▶ _ACTIVITY_
Retype the listing exactly as it stands, and keep every image out.

▶ _DATA SECTION_
⟨

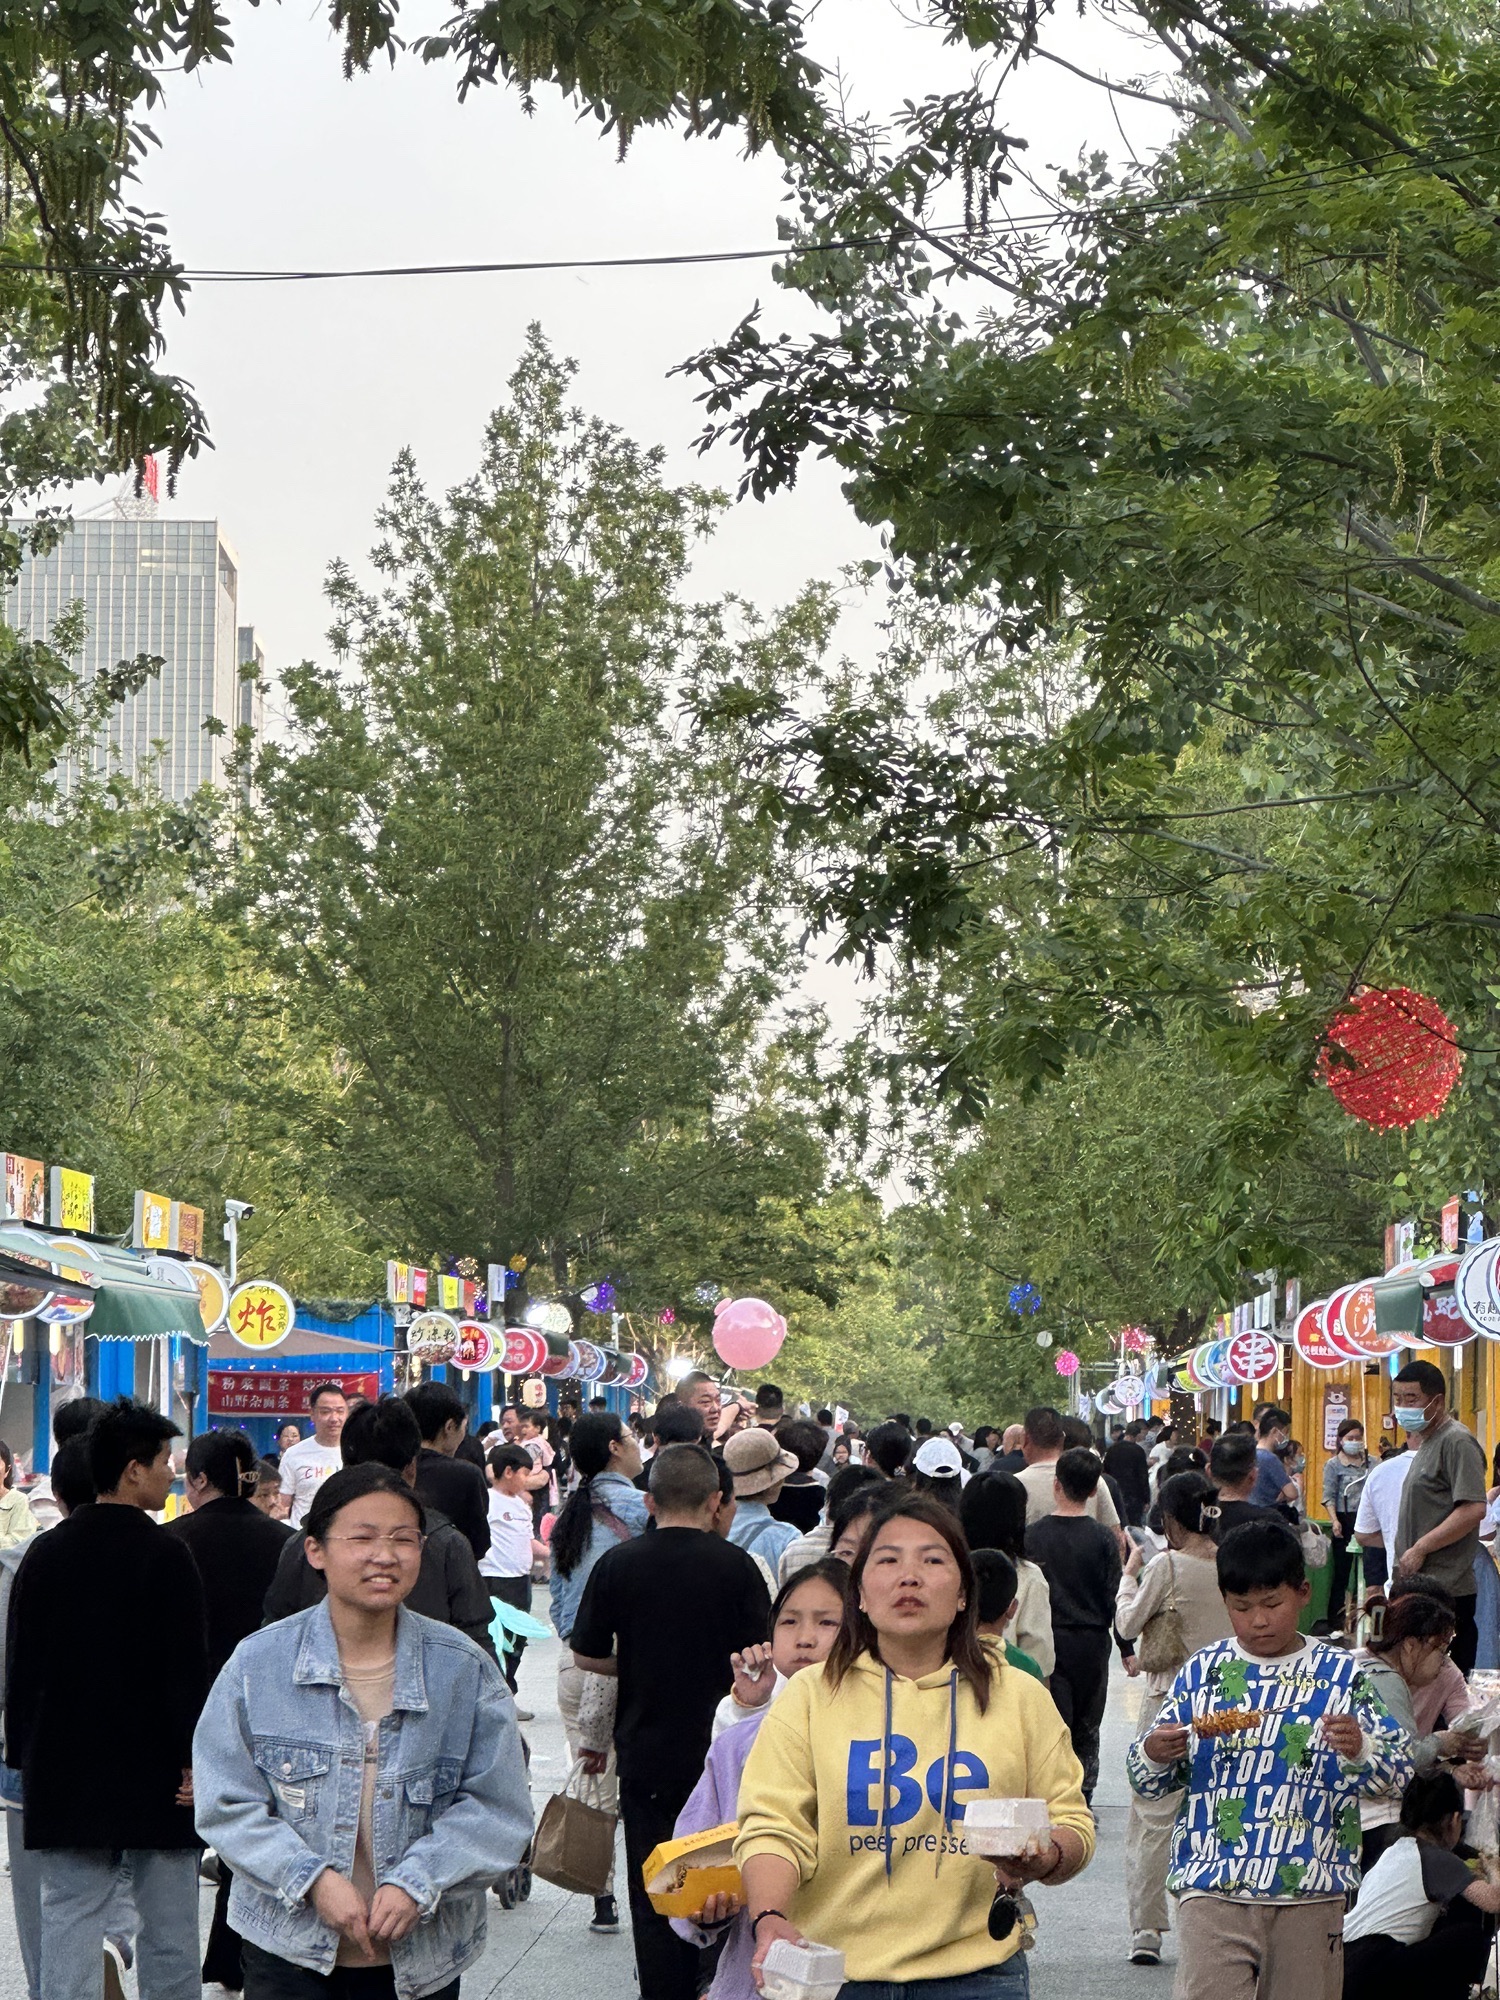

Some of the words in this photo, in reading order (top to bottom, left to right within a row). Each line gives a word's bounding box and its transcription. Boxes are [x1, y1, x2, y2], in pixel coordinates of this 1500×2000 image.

[236, 1297, 276, 1341] 炸
[1232, 1332, 1275, 1380] 串
[847, 1734, 989, 1827] Be
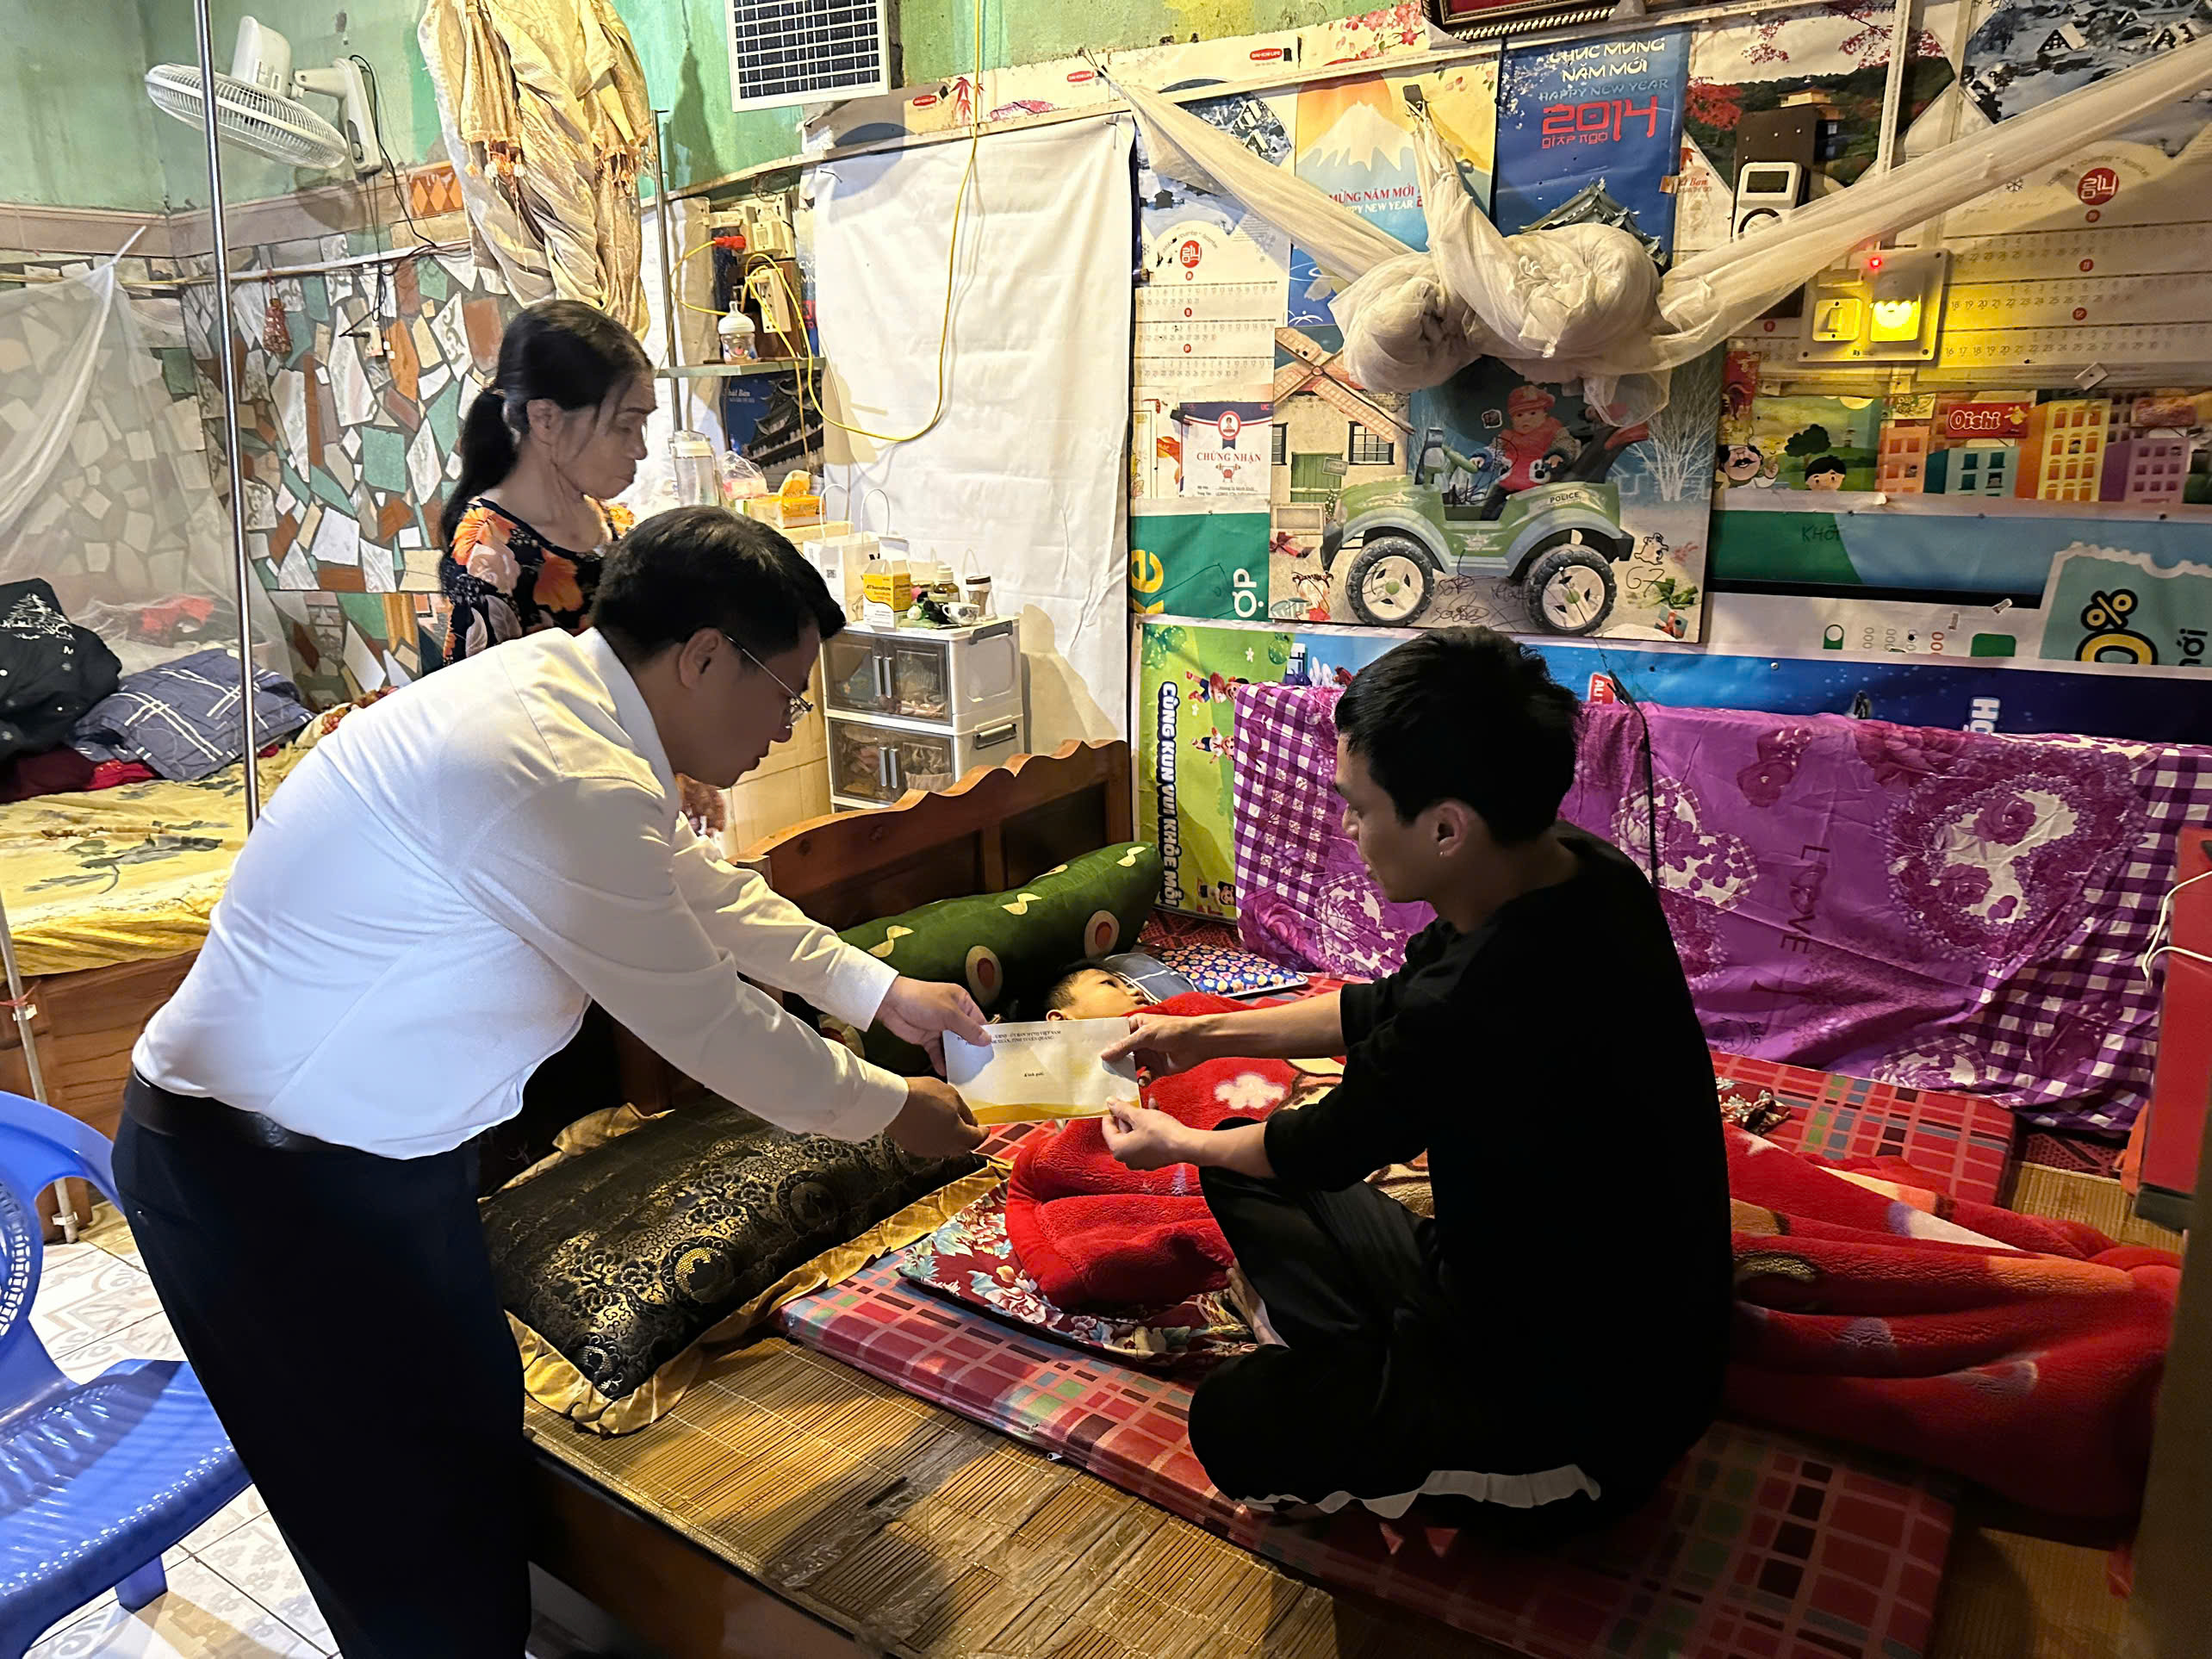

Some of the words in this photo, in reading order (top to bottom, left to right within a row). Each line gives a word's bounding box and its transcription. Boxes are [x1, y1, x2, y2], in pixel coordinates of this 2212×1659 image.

⟩

▶ _SOLUTION FOR THIS PROBLEM_
Some of the words in this photo, in reading order (top to bottom, left to right within a row). Each line gives a word's bounding box and its transcription. Boxes are [x1, y1, x2, y2], in pixel coordinates of this 1500×2000 image.

[236, 1297, 276, 1341] 炸
[1232, 1332, 1275, 1380] 串
[847, 1734, 989, 1827] Be

Some of the words in this photo, in reading order (top to bottom, left to right within a row). Each line gives a word's bounding box and its transcription. Boxes are [x1, y1, x2, y2], in pixel coordinates of this 2212×1659 image.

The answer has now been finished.